Com observância ainda à eficácia horizontal dos direitos fundamentais, que


garante sua aplicabilidade também nas relações entre particulares, bem como sua
dupla função, que autoriza exigir do poder público medidas efetivas para assegurar
real efetividade aos direitos fundamentais, é imprescindível que haja uma regulação
do poder da imprensa.
A possibilidade de indenização pelos danos morais causados, bem como
as técnicas de ponderação para verificar num caso concreto qual direito fundamental
deve prevalecer – formas de limitação da mídia atualmente utilizadas no Brasil -, são
ineficazes para coibir as violações narradas na presente pesquisa, vez que realizadas
a posteriori.
Dessa forma, a solução mais correta para o problema seria uma justa
limitação à atuação midiática.
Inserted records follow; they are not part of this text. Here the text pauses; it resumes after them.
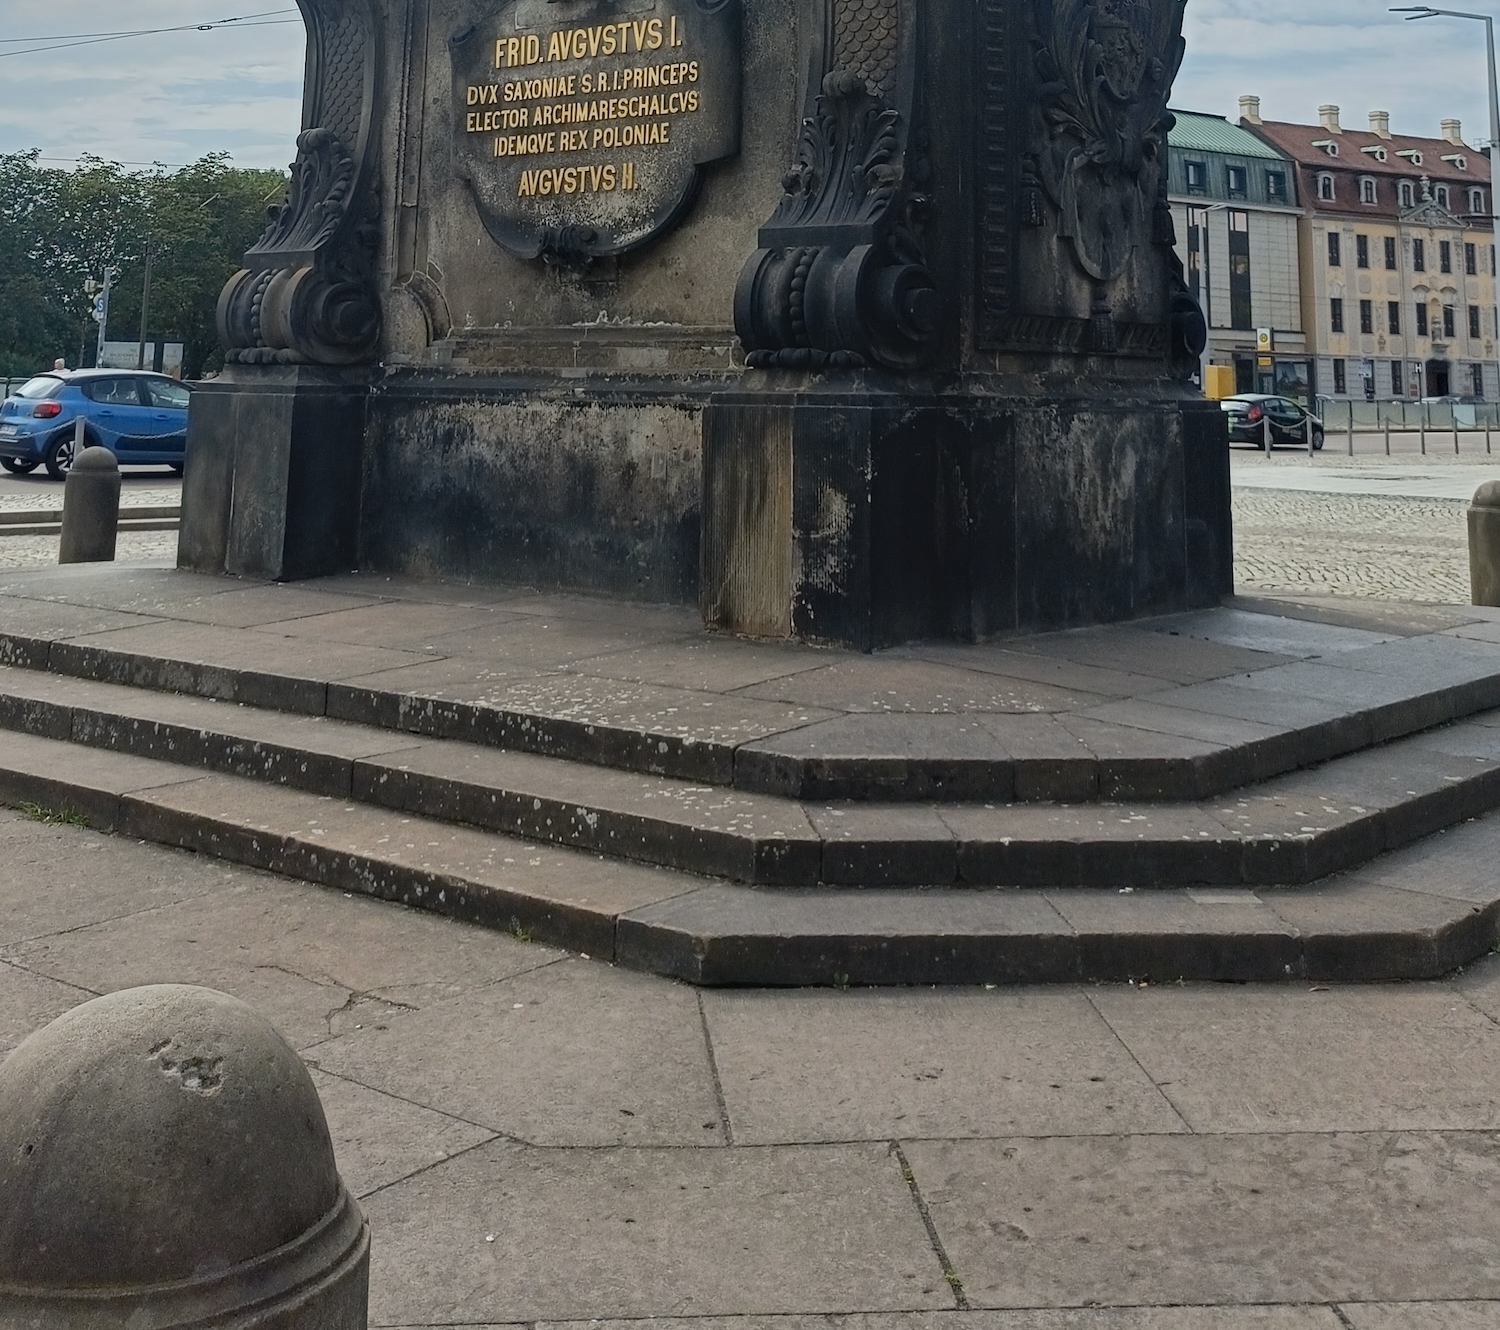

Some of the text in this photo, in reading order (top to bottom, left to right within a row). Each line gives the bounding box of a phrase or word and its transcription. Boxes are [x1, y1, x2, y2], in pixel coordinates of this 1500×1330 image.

[495, 15, 682, 69] FRID. AVGVSTVS I.
[466, 84, 499, 106] DVX
[503, 75, 576, 102] SAXONIAE
[466, 90, 699, 133] ELECTOR ARCHIMARESCHALCVS
[494, 122, 670, 157] IDEMQVE REX POLONIAE
[517, 164, 616, 197] AVGVSTVS
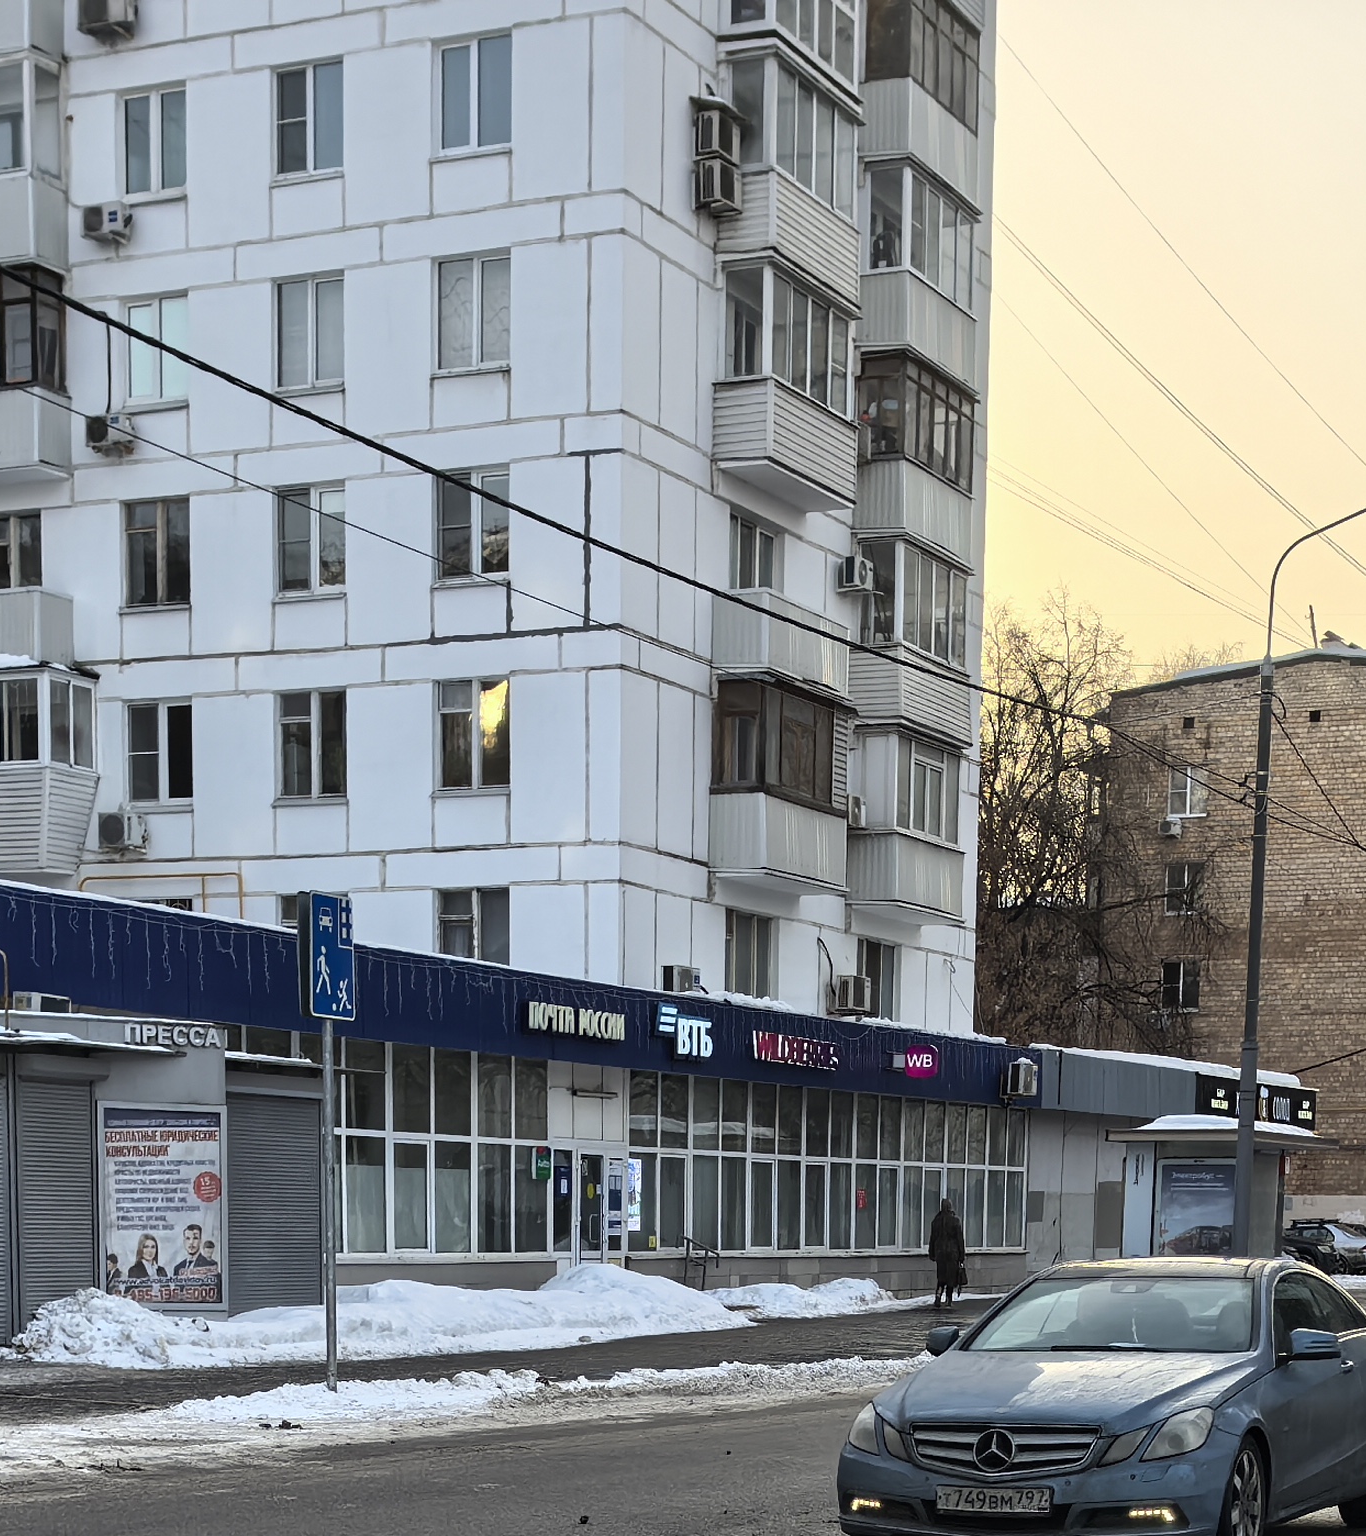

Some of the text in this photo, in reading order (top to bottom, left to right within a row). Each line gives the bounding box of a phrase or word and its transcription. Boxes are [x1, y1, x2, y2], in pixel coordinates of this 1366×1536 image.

[528, 1001, 625, 1041] ПОЧТА РОССИИ
[124, 1022, 222, 1048] ПРЕССА
[677, 1018, 714, 1058] ВТБ
[906, 1053, 933, 1068] WB
[104, 1129, 219, 1143] БЕСПЛАТНЫЕ ЮРИДИЧЕСКИЕ
[105, 1144, 170, 1158] КОНСУЛЬТАЦИИ
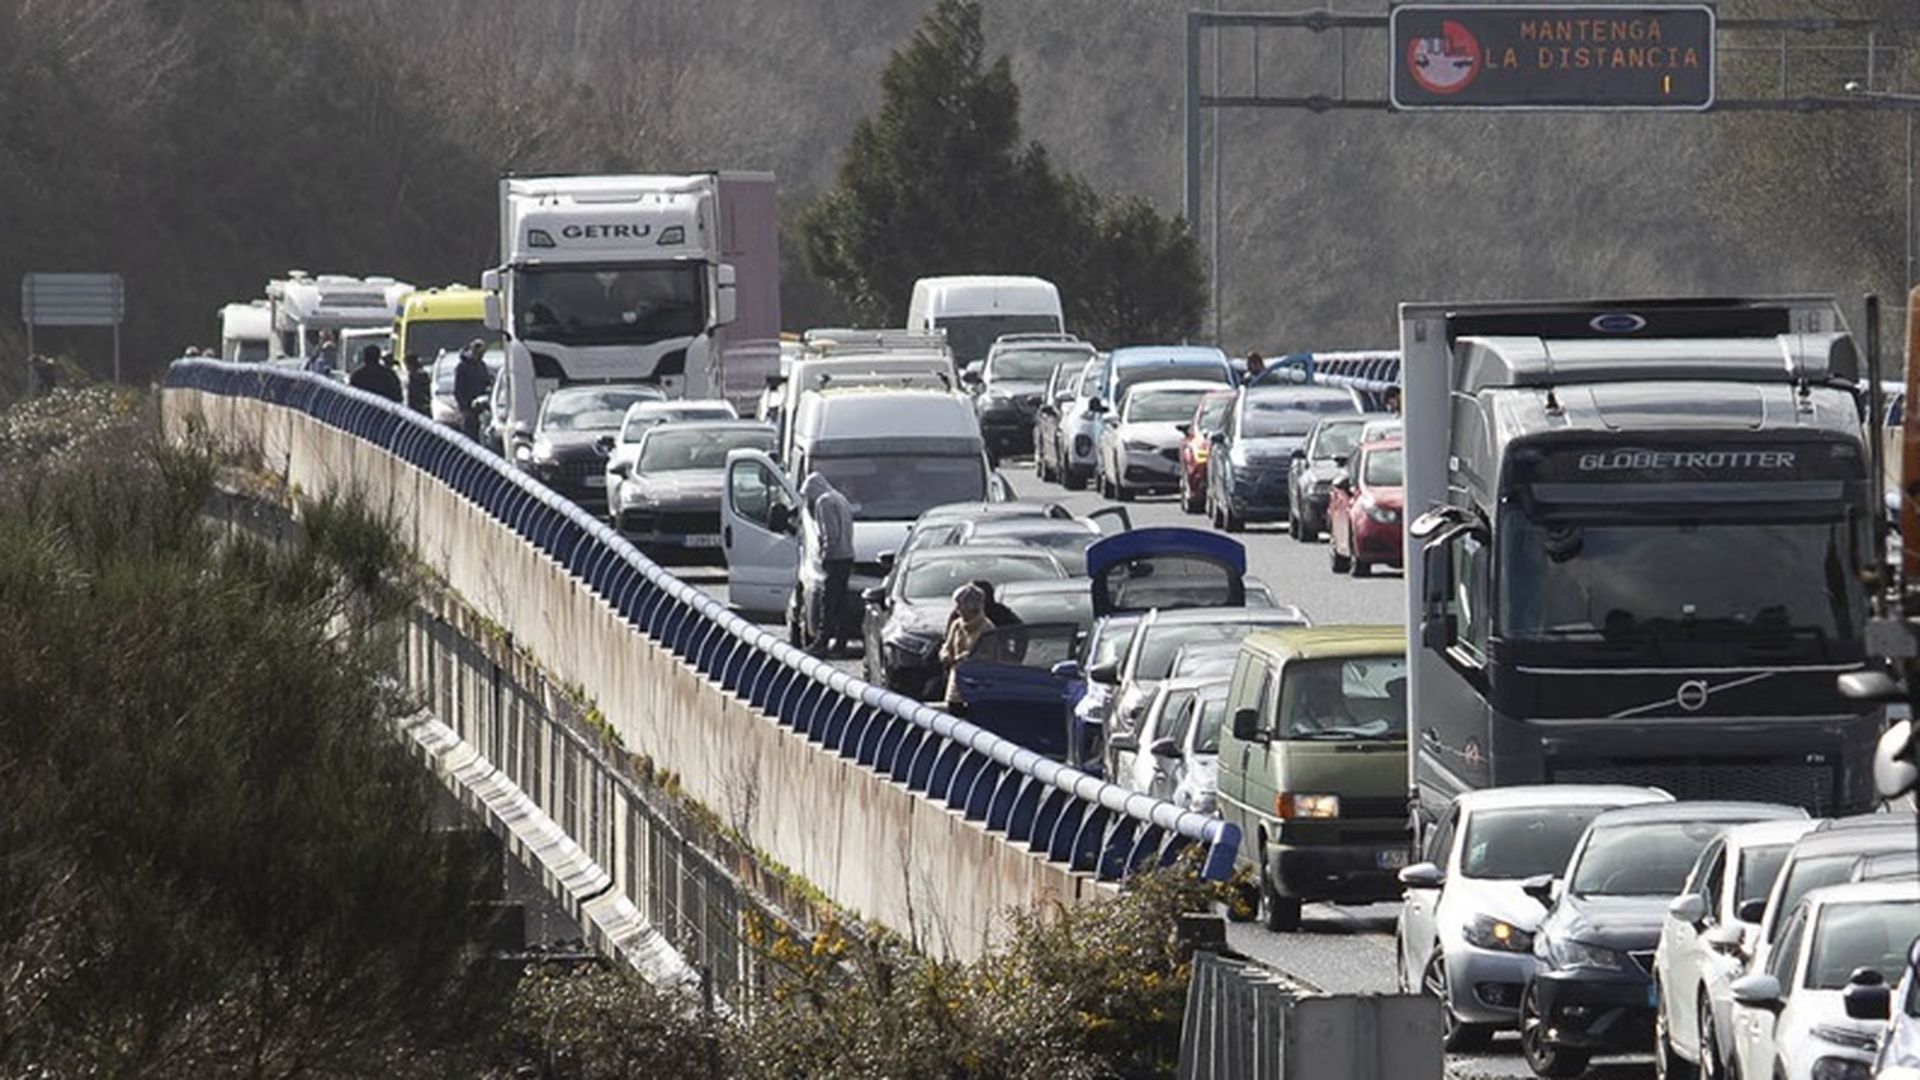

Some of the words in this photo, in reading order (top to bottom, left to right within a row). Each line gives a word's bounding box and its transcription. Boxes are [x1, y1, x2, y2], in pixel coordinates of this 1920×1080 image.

[1520, 20, 1661, 40] MANTENGA
[1486, 49, 1517, 68] LA
[1539, 49, 1698, 68] DISTANCIA
[562, 224, 651, 238] GETRU
[1579, 450, 1796, 471] GLOBETROTTER
Ressalta-se que se reconhece a importância da
imprensa e da sua liberdade de expressão, entretanto, tais direitos, em conflito com
outros de extrema importância, devem ser sopesados e moderados, de forma a evitar
injustiças e graves violações à direitos fundamentais dos indivíduos.
Não se trata de proibir que a mídia divulgue informações sobre os crimes e
seus supostos autores, mas sim fazê-lo com responsabilidade, sem a promoção de
sensacionalismo e utilização de expressões que atribuem culpa ao mero acusado,
como “bandido”, “traficante”, etc., esclarecendo-se sobre a situação de inocência em
que se encontra o indivíduo, além de conferir a veracidade das informações
divulgadas.
Assim, é imprescindível uma regulamentação pelo poder público com
relação a atuação dos meios de comunicação no que se refere à propagação da
imagem dos investigados, acusados e réus em processo criminal e a forma como o
crime é divulgado, pois restou demonstrado na presente pesquisa a extensão dos
prejuízos causados aos indivíduos que sofrem tais violações, jamais recuperando sua
honra e inocência perante a sociedade, bem como dificultando ainda mais o processo
de ressocialização.
A exigência de tais cautelas é medida necessária para que a mídia atue em
consonância com as normas constitucionais vigentes, respeitando os direitos
fundamentais do indivíduo, que é o centro do ordenamento jurídico.